Like most 80s kids, I grew up watching The Karate Kid and its sequels, so naturally, I couldn’t wait to visit Okinawa and recreate the movie. I assumed it would be as simple as watching the movies and visiting the locations by car.
Like learning to crane kick someone to the face, however, I discovered it would not be that simple.
Shou Hashi Castle
The Karate Kid Part II is almost entirely based in Okinawa. Or so I thought. The Okinawa locations shot for the sequel were a well-disguised Hawaii, mostly Oahu. Unfortunately, the movie director, John G. Avildsen, thought the real Okinawa was unattractive due to the island’s stormy weather.
This was a bit of a setback for me. Separating reality from fiction is difficult in a movie that uses real inspirations to create imagined places. A good example is when the character Kumiko points out to Daniel the ruins of the castle of King Shou Hashi. I would have loved to see it in person, but it was a matte painting hung in a studio and wasn’t even a painting of a Japanese castle.
Nevertheless, history buffs know that Shou Hashi was a real ruler of Okinawa. You can actually visit the ruins of two of his castles: Sashiki Castle in the southeast and Shuri Castle in the center of the island. Although neither is as beautifully preserved as the movie would have you believe.
Sashiki Castle is hard to access except by car and is mostly ruins now, whereas Shuri, despite being easy to access, is currently being renovated following a fire that destroyed most of the main building.
Finding Tomi village
Mr. Miyagi comes from Tomi Village. Although there is a real Tomi in Okayama Prefecture, the Okinawa location is fictional. However, there is a possible connection that the filmmakers could have used for inspiration.
In The Karate Kid Part II, Mr. Miyagi describes finding the Tomi Village: “Find Naha. Head south.” Using this description, you can find Tomigusuku, which was categorized as a village during The Karate Kid Part II’s filming and is now a city.
This change matches perfectly with Daniel’s surprise at seeing what has become of Tomi Village in the spin-off series, Cobra Kai. The area becomes gentrified when he revisits Tomi in season three. Perhaps Mr. Miyagi simply abbreviated the name from Tomigusuku to Tomi.
Mutabaru Observation Deck
Thankfully, when it came to seeing the locations for Cobra Kai, things were a bit easier. The series has been a hit, and there was lots of media buzz about the shooting and on-set locations. Unfortunately, however, this time poor old “Tomi Village” was shot in a mall in Atlanta, Georgia.

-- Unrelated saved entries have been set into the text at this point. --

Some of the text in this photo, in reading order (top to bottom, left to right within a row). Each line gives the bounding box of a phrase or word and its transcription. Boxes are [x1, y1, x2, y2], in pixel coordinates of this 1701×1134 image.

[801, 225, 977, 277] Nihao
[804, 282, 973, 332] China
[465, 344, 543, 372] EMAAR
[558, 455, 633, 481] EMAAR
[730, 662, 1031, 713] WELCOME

The first location is Mutabaru Observation Deck in Ogimi Village, where Daniel travels with his former nemesis, Chozen. The area was surprisingly hard to get to and had sustained considerable damage due to bad weather and typhoons. During my visit, excluding the angle from which the drama was shot, the area was a mess of broken glass and torn wooden panels.
However, the view out towards aqua-marine Shah Bay and several islands—including the aptly named Miyagishima (“shima” means “island” in Japanese)—is every bit as amazing as the show makes it look.

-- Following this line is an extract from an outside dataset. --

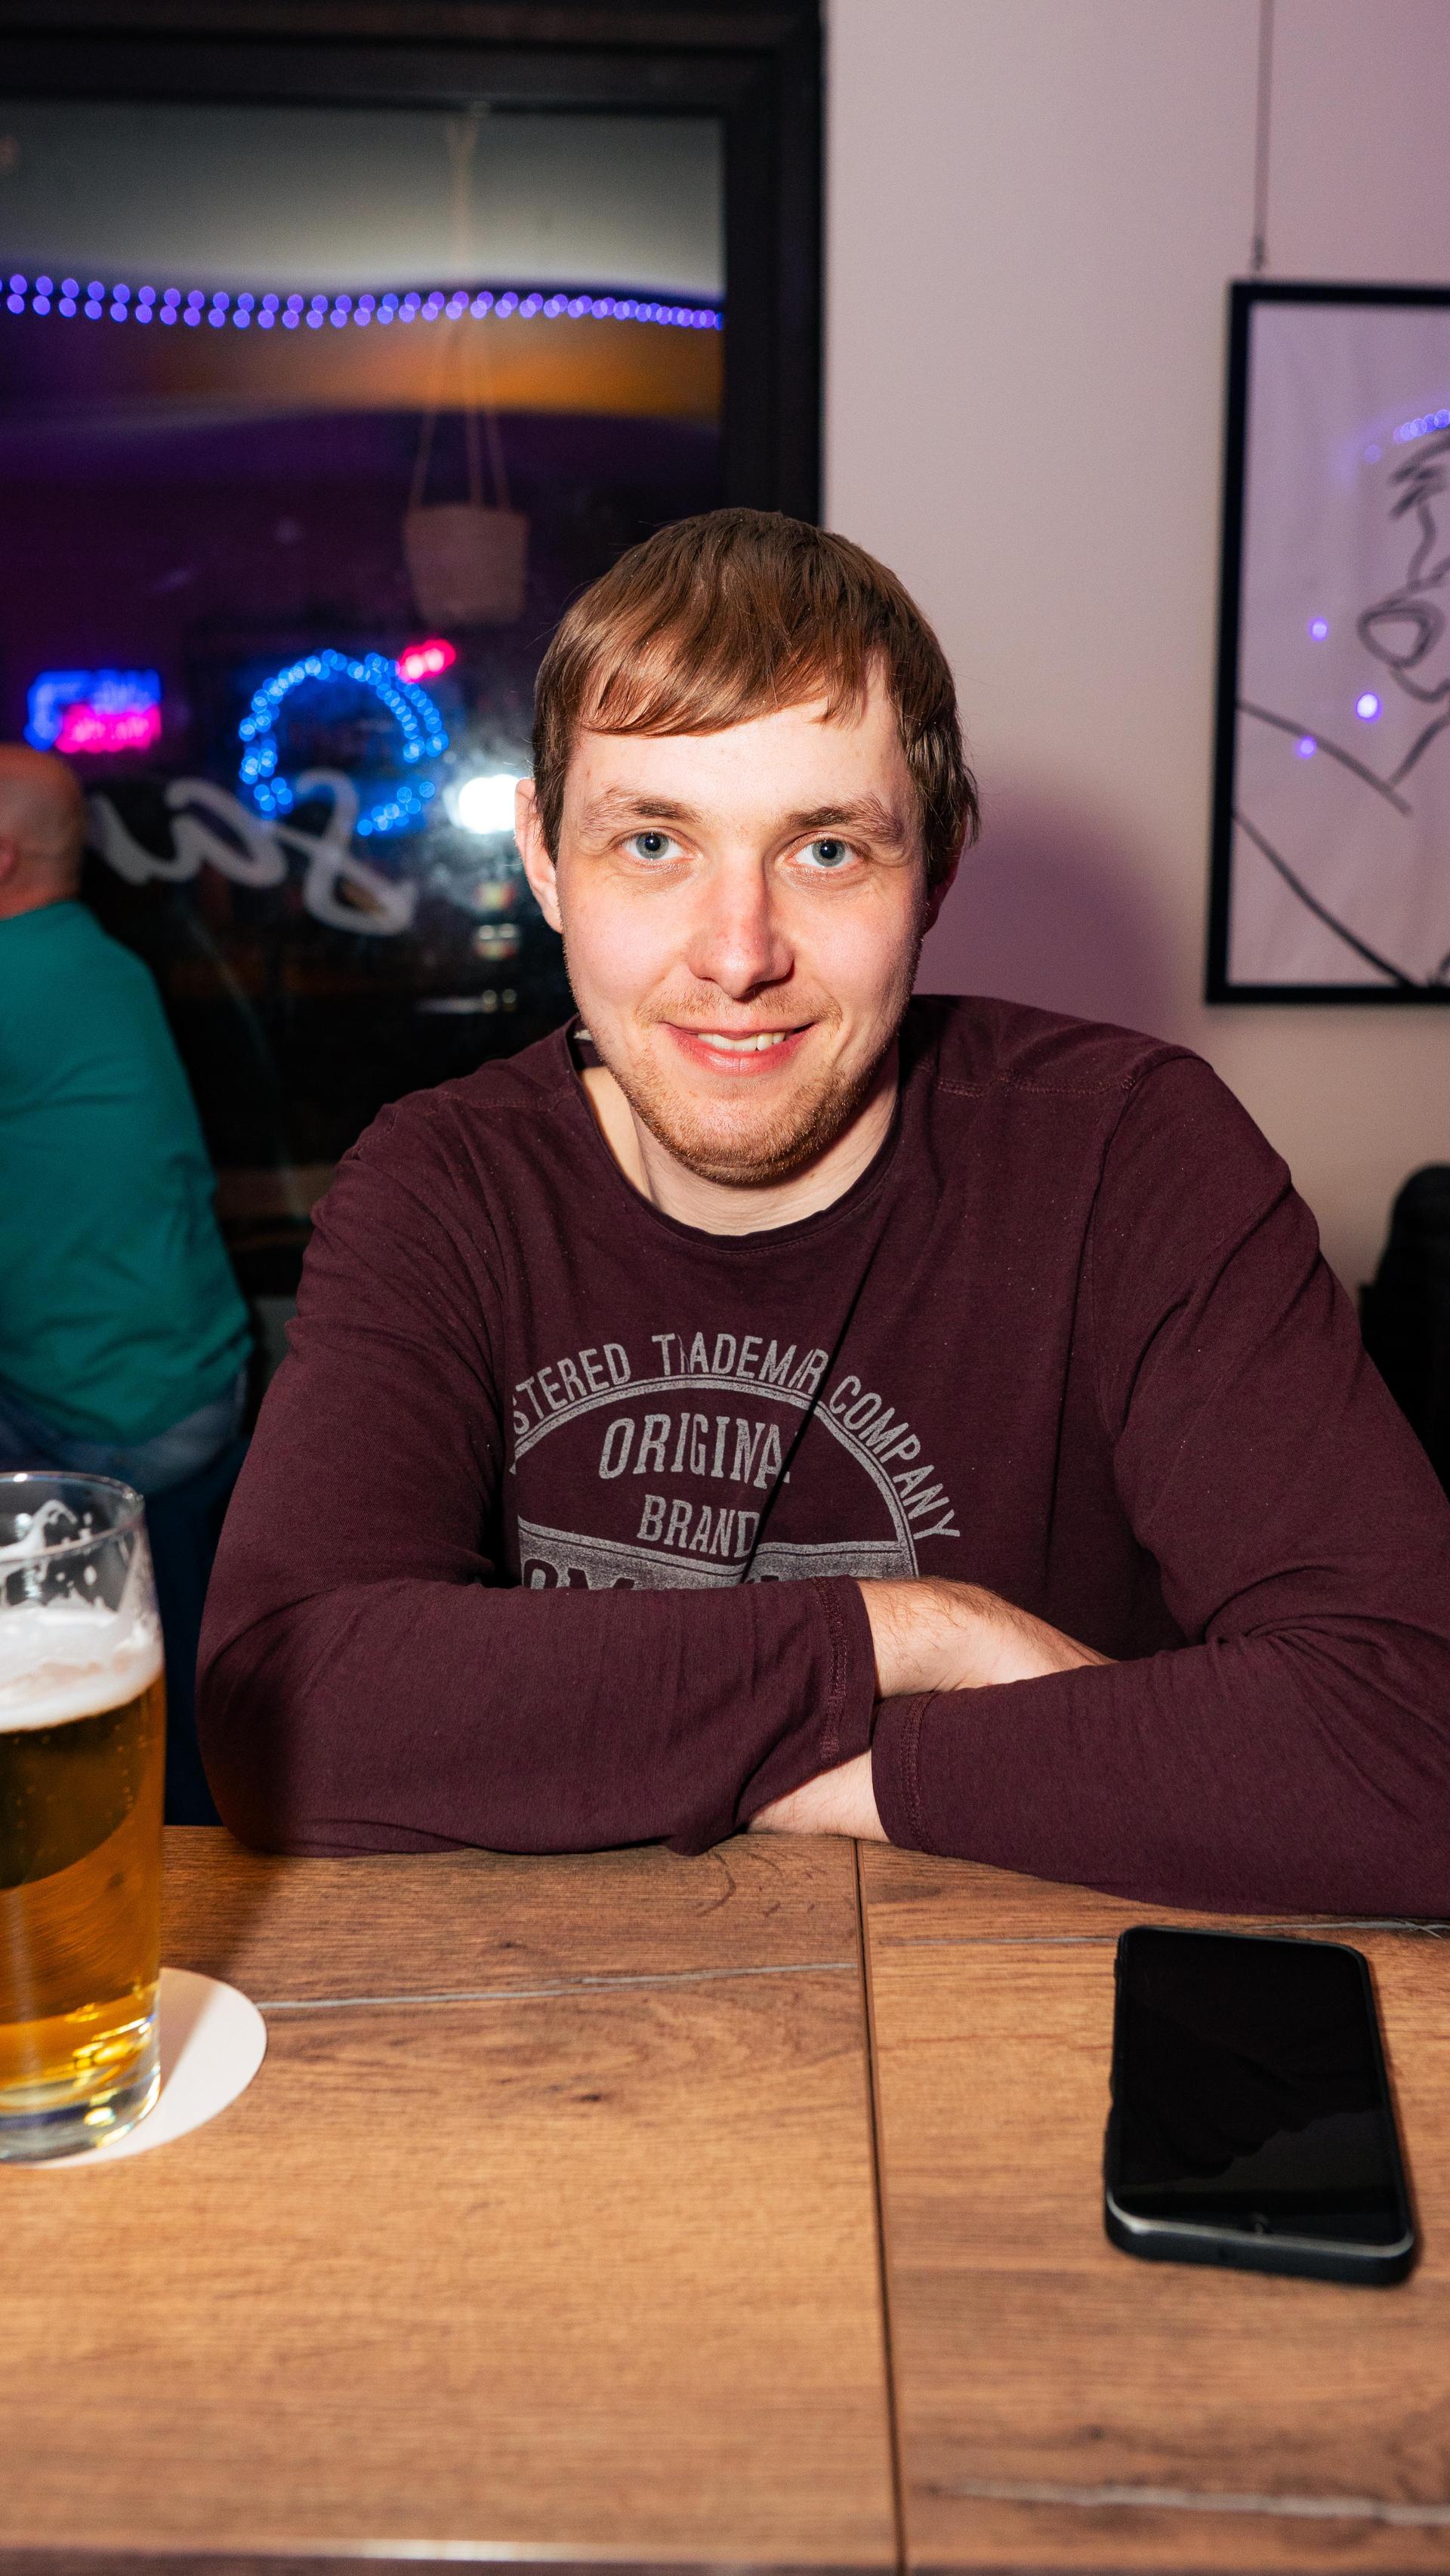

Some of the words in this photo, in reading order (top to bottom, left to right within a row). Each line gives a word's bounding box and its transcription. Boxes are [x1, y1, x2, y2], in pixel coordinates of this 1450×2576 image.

Keep in mind that the lookout point sits next to a failed and dilapidated resort, and as tempting as it may be for urban exploration or haikyo (abandoned building) fans, the area is strictly off-limits.

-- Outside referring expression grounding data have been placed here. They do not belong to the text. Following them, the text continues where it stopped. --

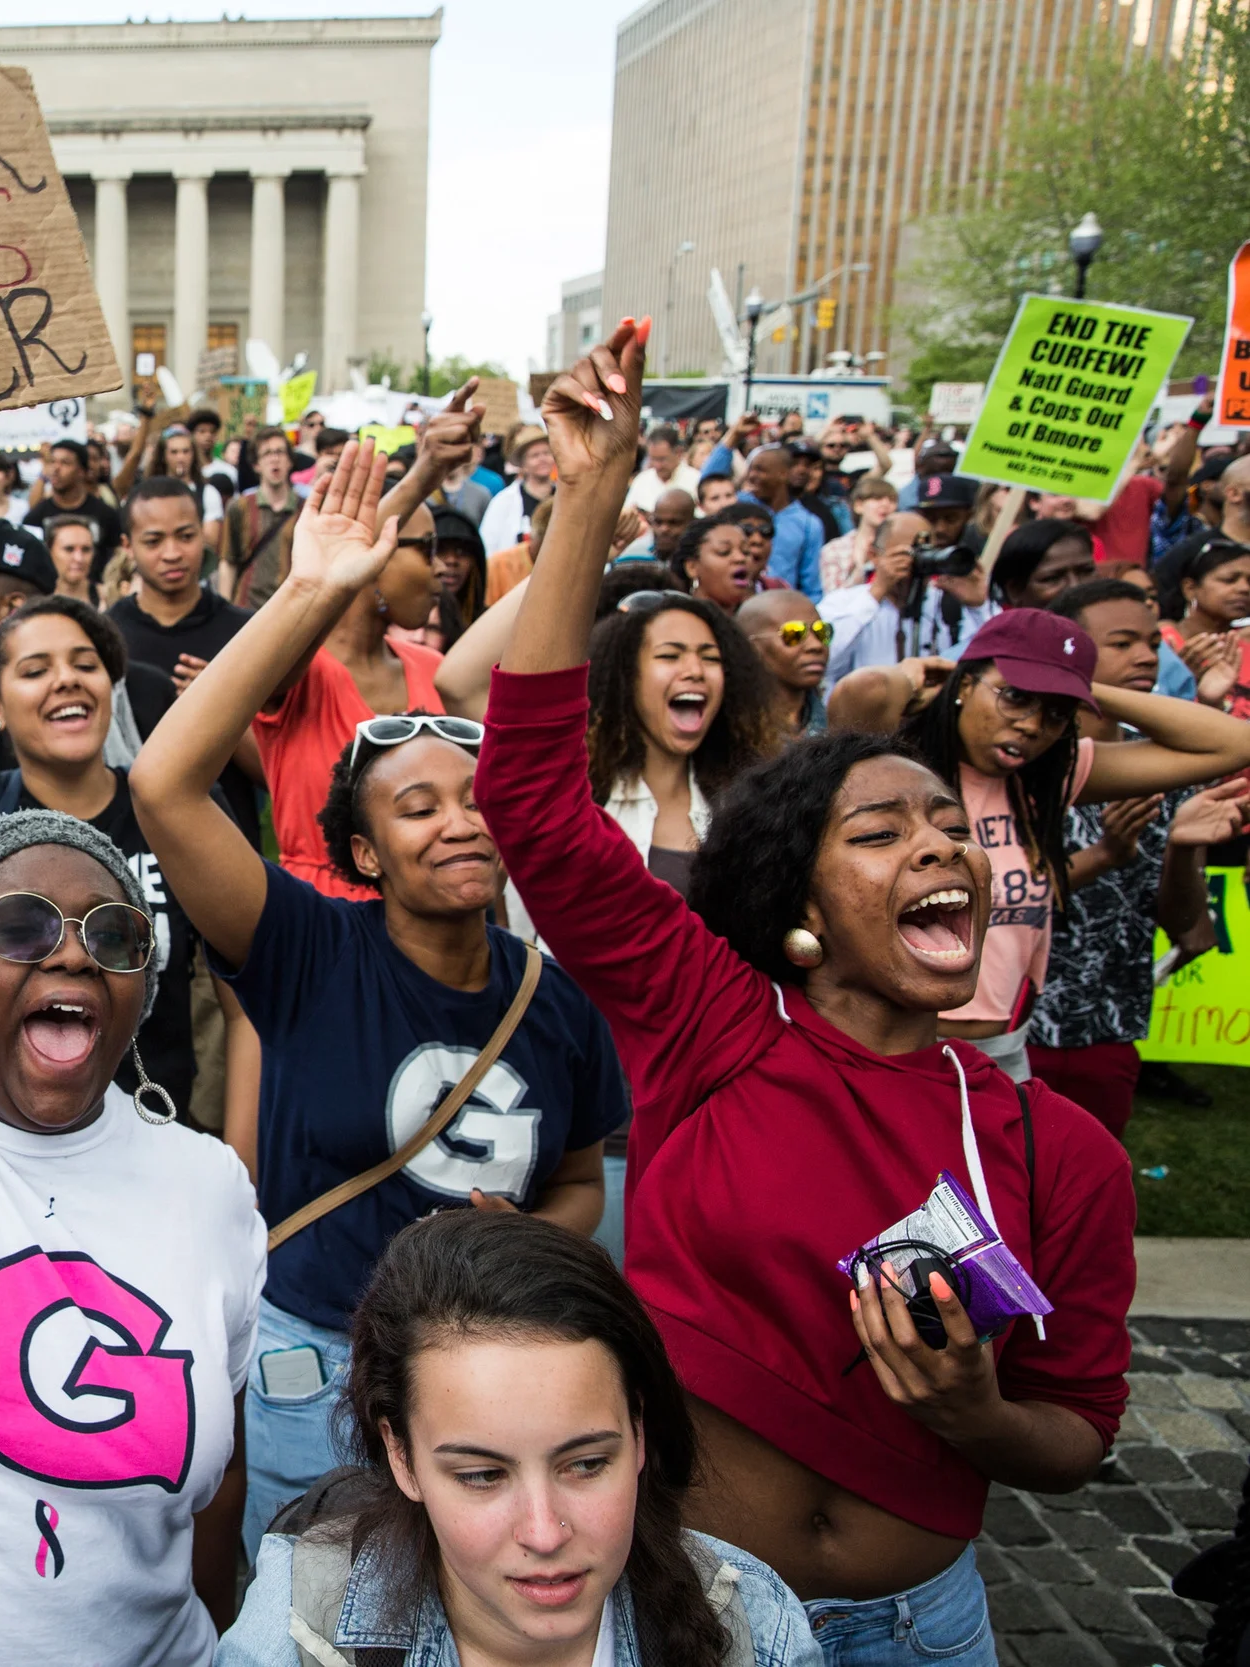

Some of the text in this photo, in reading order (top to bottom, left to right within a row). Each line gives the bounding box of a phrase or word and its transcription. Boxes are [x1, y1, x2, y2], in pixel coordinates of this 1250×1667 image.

[1047, 312, 1152, 350] END THE
[1029, 339, 1147, 380] CURFEW!
[1066, 377, 1133, 406] Guard
[1008, 396, 1124, 431] & Cops Out
[1007, 420, 1102, 454] of Bmore
[385, 1041, 543, 1204] G
[942, 1185, 980, 1237] Nutrition Facts

After Ogimi Village, Daniel and Chozen head to one of Okinawa’s better-known spots, Daisekirinzan, an impressive limestone plateau and national park. The forested area is in the northern part of Okinawa, called Yanbaru.
The area is recognized for its spiritual links to the royal family of the Ryukyu dynasty, who would go there to pray for a good harvest. In Cobra Kai, Daniel receives a sacred scroll of Okinawan karate in front of a sacred rock known locally as Goku Rock. The final shot where Daniel and Chozen finish their decades-old feud with a deep bow is, in fact, a bustling area. You can see this in the choice of shots as they carefully avoid signposts.
Ultimately, my quest to visit the real life spots that enamored me with Japan all those years ago brought me to parts of Okinawa that I might have missed out on otherwise. Much like how Daniel-san discovers the secrets of karate by mundane activities like washing cars and painting fences, I found a new path simply by asking: “Where exactly is Mr. Miyagi from?”